O rio Negro: em tupi, ele se chama Quià-ri, ou “sempre sujo” – Foto: Adriano Gambarini

Os sonoros nomes dos rios amazônicos, com seus significados misteriosos para os leigos, são parte da mística da região. Numa preleção feita no dia 25 de janeiro de 1889, o jurista e jornalista João Mendes de Almeida, presidente da Sociedade dos Homens de Letras de São Paulo, decodificou esses nomes, sílaba por sílaba, revelando uma intrincada teia de significados em tupi – a mãe dos idiomas indígenas do Brasil.

Nesse extraordinário estudo combinado de lingüística e hidrografia, publicado pelo jornal “Província (hoje Estado) de São Paulo”, até mesmo o Solimões, o Madeira e o Trombetas, com suas sonoridades ibéricas, são flagrados como corruptelas portuguesas de nomes tupis.
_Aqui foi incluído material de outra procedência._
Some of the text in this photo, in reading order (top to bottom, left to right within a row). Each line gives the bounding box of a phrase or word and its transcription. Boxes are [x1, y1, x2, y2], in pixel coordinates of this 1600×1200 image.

Dos rios importantes, apenas o Negro ganhou nome com significado real em português. Em tupi, ele se chama Quià-ri, ou “sempre sujo”.

O Amazonas ganhou esse nome em 1541 por causa do explorador espanhol Francisco de Orellana, que, ao ser atacado por índios, fantasiou tratar-se de guerreiras como as da mitologia grega – numa “fábula extravagante”, observa Almeida. Mais sóbrios, os índios o chamavam de Parà-nà-guaçú, ou “semelhante ao mar grande”. “É lastimável”, lamenta o jurista, “que as assembléias legislativas das províncias não tenham até hoje restaurado os nomes em tupi, os quais, acima de tudo, definiam perfeitamente os lugares denominados, segundo o sistema corretíssimo dos indígenas.”
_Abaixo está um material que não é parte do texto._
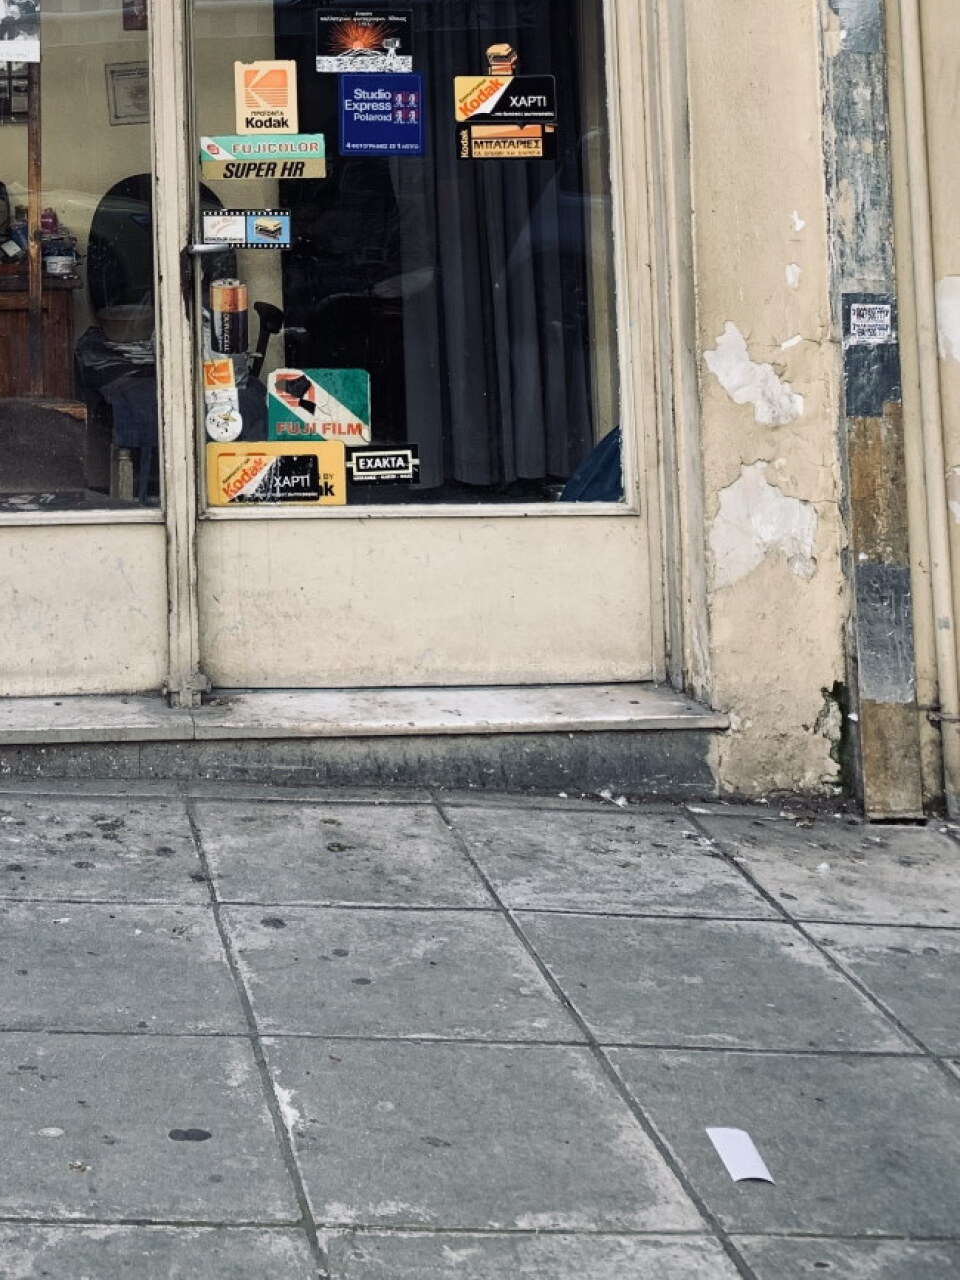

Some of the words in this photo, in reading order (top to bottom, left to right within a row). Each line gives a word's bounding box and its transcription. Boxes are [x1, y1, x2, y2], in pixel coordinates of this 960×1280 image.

[353, 88, 392, 101] Studio
[458, 78, 504, 117] Kodak
[345, 100, 392, 113] Express
[245, 117, 290, 129] Kodak
[353, 113, 392, 122] Polaroid
[232, 142, 319, 154] FUJICOLOR
[460, 128, 469, 158] Kodak
[223, 162, 278, 179] SUPER
[281, 161, 305, 178] HR
[276, 421, 317, 436] FUJI
[322, 422, 363, 436] FILM
[358, 457, 406, 470] EXAKTA
[221, 458, 268, 499] Kodak
Solimões – Çuri-mã – “altos e baixos e voltas”, por suas ilhas, canais intermediários e braços

Madeira – Mã-nd-yêrê – “impedimentos e voltas”, alusão às muitas cachoeiras e voltas que dá

Trombetas – Terõ-mb-etá – “muitas tortuosidades”, por causa do seu labirinto de canais, que formam inúmeras ilhas

Tefé – Té-cê – “saída errada”, por desaguar, após uma curva, num grande lago, em vez de no rio principal

Javari – I-abari – “rio difícil”, por causa das cachoeiras e saltos

Içá – I-çái – “rio espalhado”, pela formação de alagadiços e canais

Jutaí – Y-y-itá-í – “continuamente escorado”, por correr entre penedos e margens altas

Juruá – Yurù-yà – “boca rachada”, por desaguar em vários canais, além da boca principal

Japurá – I-apoî-rá – “desatado em alagadiços”, porque durante a enchente se comunica com outros rios, sobre as várzeas

Coari – Quà-ri – “com poço”, por causa do grande lago em sua foz

Purus – Pú-rú – “tem comunicações”, por causa dos braços que o ligam ao Madeira e ao Coari.